Assignment> Copy each line below exactly as it appears. Pictures are to be omitted.

Data supplied>
----------

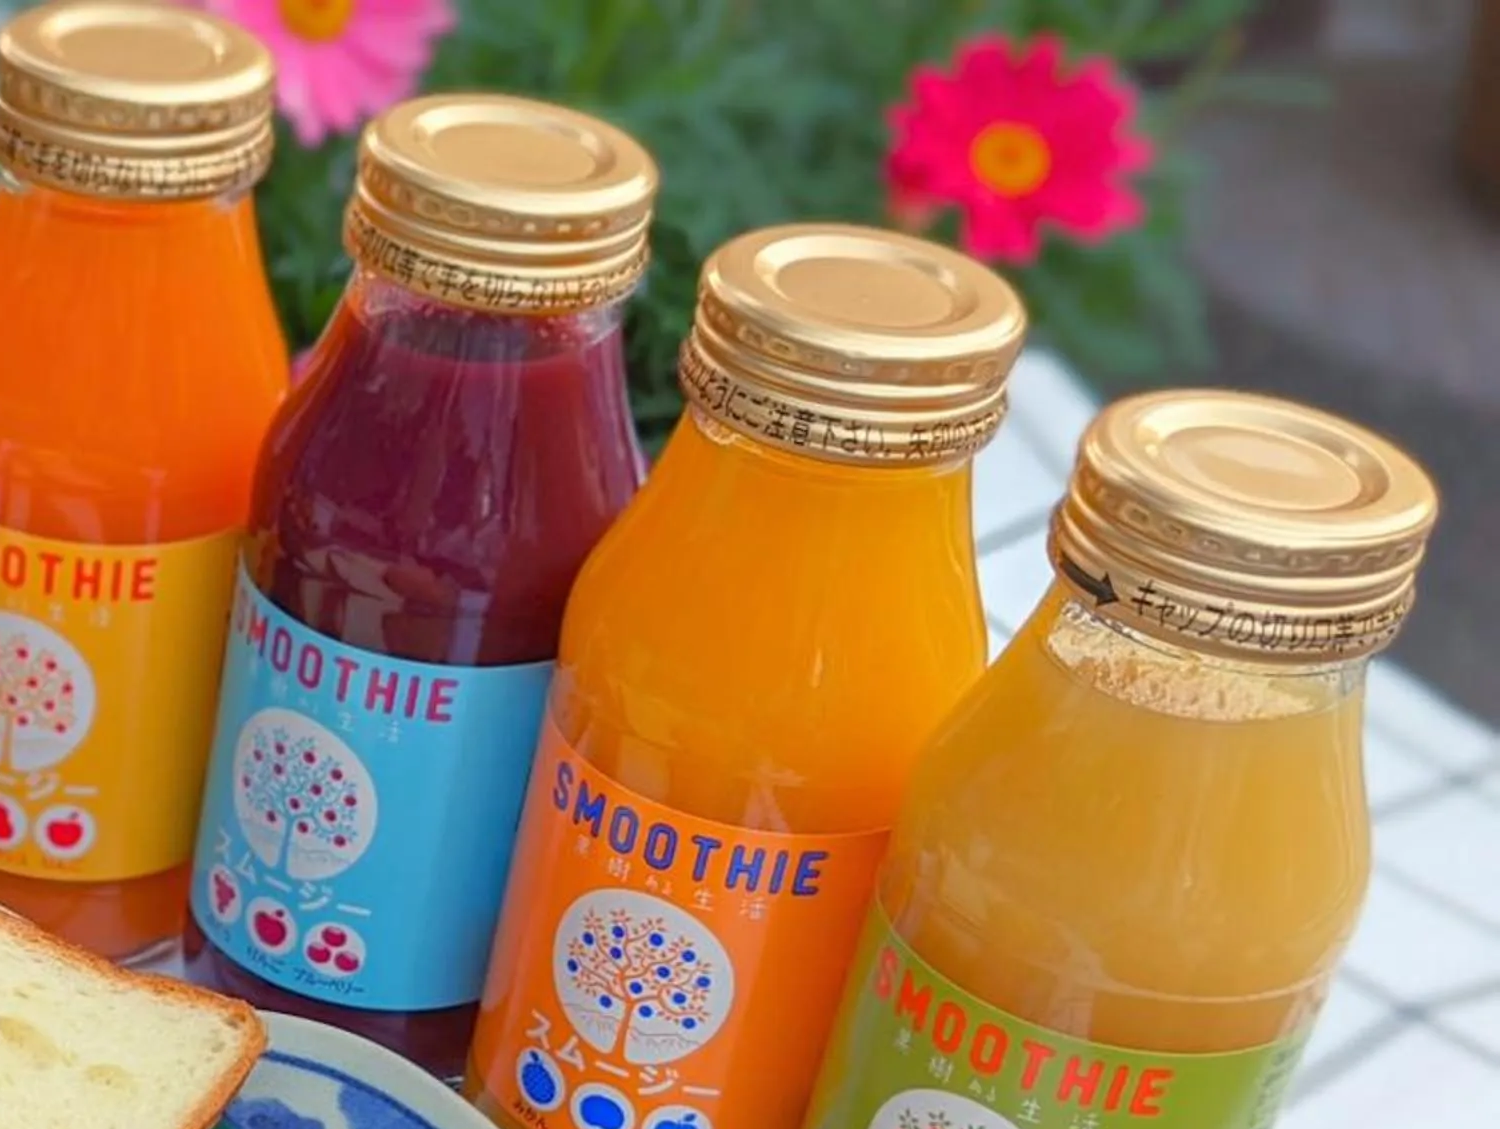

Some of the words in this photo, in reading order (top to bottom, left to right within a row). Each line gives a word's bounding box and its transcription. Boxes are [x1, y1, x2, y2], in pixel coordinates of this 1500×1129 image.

[236, 586, 460, 723] SMOOTHIE
[215, 824, 373, 916] スムージー
[552, 761, 830, 896] SMOOTHIE
[525, 1009, 721, 1096] スムージー
[873, 944, 1176, 1117] SMOOTHIE
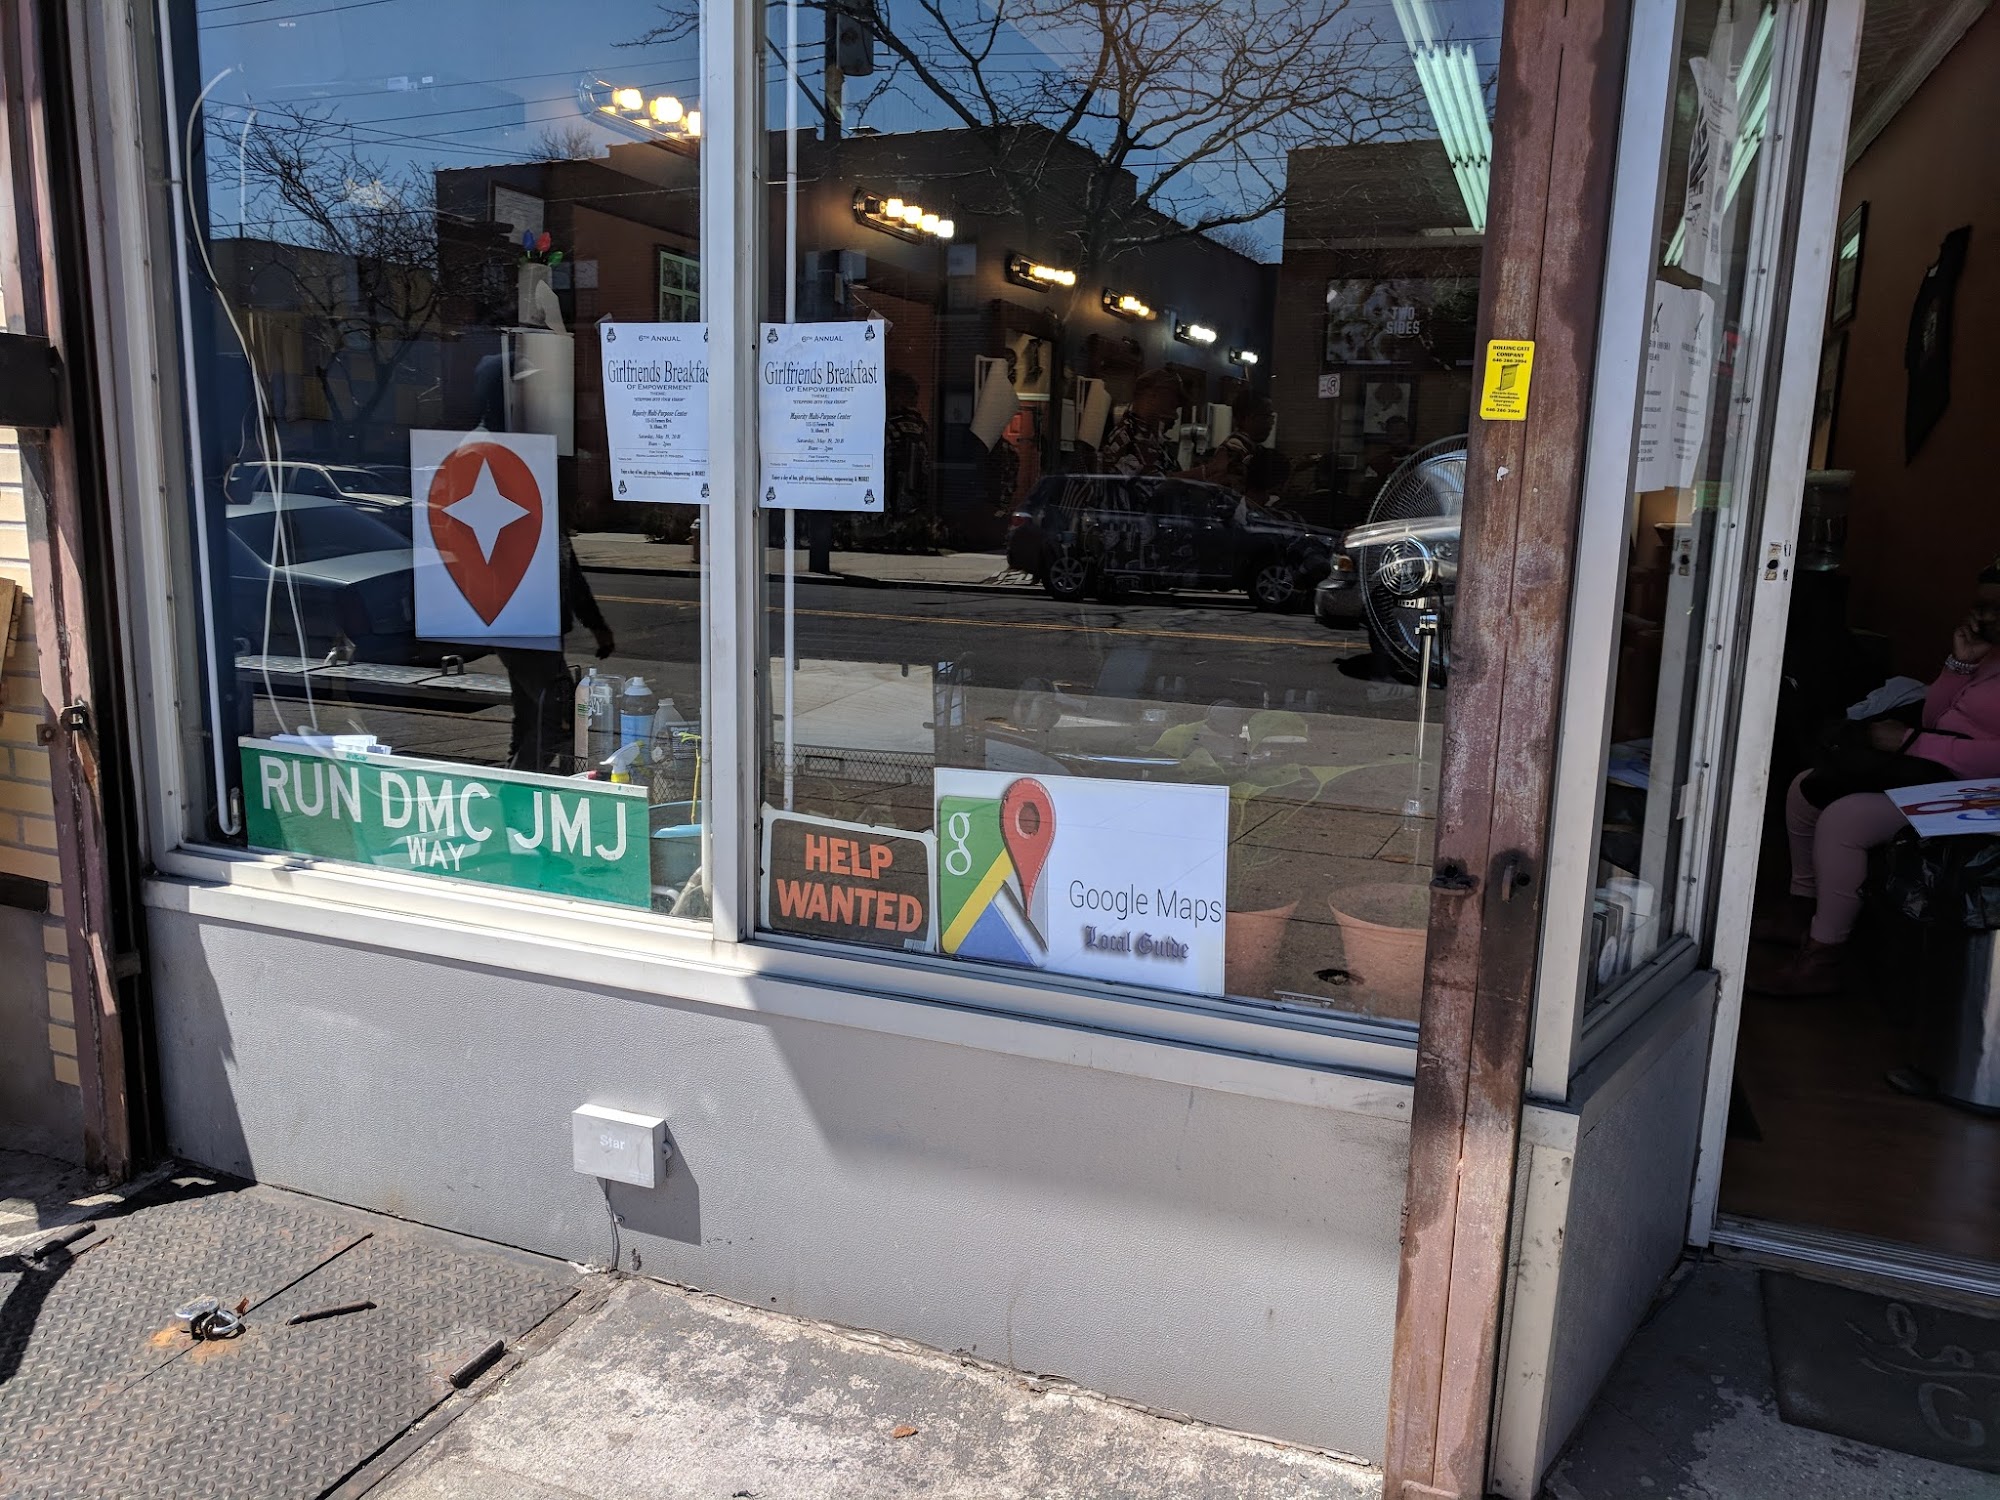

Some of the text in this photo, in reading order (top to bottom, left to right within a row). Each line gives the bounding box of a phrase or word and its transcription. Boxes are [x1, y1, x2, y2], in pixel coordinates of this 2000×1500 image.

----------

Response to the exercise>
Some of the words in this photo, in reading order (top to bottom, left to right within a row). Each line gives a word's bounding box and its transcription. Boxes are [x1, y1, x2, y2], in pixel coordinates of this 1500×1129 image.

[236, 586, 460, 723] SMOOTHIE
[215, 824, 373, 916] スムージー
[552, 761, 830, 896] SMOOTHIE
[525, 1009, 721, 1096] スムージー
[873, 944, 1176, 1117] SMOOTHIE

Some of the text in this photo, in reading order (top to bottom, left to right within a row). Each line gives the bounding box of a phrase or word and its transcription. Boxes are [x1, y1, x2, y2], in pixel coordinates of this 2000×1500 image.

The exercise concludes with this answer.